目に視えない私と目が見えない彼


「お前、名前は?何年?」


「・・・・・・」



俺の問いに答えないので、しばらく無言の時間が続く。


おい、勘弁してくれよ。
相手の表情が見えない俺にとって、無言の状態は、どこか知らない場所に1人ポツンと取り残されたように居た堪れなくなるんだ。



「・・・・・・2年の、早川 未蘭です」



「・・・・・・未蘭」



聞いたのがまずかったのかと自分を責め立てていたので、返答が聞けてまずホッとした。


「・・・・・・未蘭?」


どこかで聞いたことがあるような。
頭の片隅にある記憶の蓋を開けたくても、顔が見えないから思い出せない。


「・・・・・・では、私は行きますね」


「待て!・・・・・・昨日会ったコンビニの前で待ってる」


「えっ、」


「目が見えなくなってから、扱えなくて携帯を捨てたんだ。
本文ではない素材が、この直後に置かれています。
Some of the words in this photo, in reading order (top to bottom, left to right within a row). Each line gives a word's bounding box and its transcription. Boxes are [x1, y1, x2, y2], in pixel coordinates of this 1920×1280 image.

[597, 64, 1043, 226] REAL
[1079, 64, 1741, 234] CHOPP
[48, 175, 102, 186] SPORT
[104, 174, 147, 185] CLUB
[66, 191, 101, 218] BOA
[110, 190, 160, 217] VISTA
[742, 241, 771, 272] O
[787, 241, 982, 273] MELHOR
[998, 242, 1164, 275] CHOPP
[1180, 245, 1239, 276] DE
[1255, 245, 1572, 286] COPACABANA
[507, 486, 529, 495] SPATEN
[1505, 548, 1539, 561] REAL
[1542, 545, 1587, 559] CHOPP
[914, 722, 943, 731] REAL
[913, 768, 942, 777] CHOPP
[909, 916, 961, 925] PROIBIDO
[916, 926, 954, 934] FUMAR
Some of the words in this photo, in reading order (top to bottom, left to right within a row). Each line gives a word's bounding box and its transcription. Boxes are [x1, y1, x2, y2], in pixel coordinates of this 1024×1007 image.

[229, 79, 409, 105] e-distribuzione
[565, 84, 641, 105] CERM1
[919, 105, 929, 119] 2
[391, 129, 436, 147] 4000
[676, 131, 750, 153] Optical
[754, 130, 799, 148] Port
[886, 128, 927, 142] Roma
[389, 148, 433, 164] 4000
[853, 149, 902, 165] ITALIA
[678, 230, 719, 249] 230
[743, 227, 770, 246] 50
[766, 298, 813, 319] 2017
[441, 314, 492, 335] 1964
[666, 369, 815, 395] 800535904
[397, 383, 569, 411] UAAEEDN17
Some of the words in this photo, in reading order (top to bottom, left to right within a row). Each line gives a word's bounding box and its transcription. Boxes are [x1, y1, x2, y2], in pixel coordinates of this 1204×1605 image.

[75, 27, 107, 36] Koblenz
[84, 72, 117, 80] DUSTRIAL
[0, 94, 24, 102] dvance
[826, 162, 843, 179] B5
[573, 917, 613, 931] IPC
だから連絡手段がない。18時に昨日のコンビニで・・・・・・」


「い、けません」


「まあ、俺は行くけど・・・・お前、未蘭が来るまで待ってるから」


困らせるのは承知で出た言葉だった。
相手の気持ちなど考えずに、なんて自分勝手だろうか。

自分でもわかってる。
わかってるけど、もう一度会いたいんだ。

君は俺の光。暗闇に取り残された一筋の光。
こんなこと言われても迷惑かもしれないけど。

また、会いたい。ここで約束しなければ、もう会えないような気がする。


目が見えなくなってきてから、自分の気持ちを隠して、平気なフリを武装してきた俺だけど、この気持ちには嘘をつきたくなかった。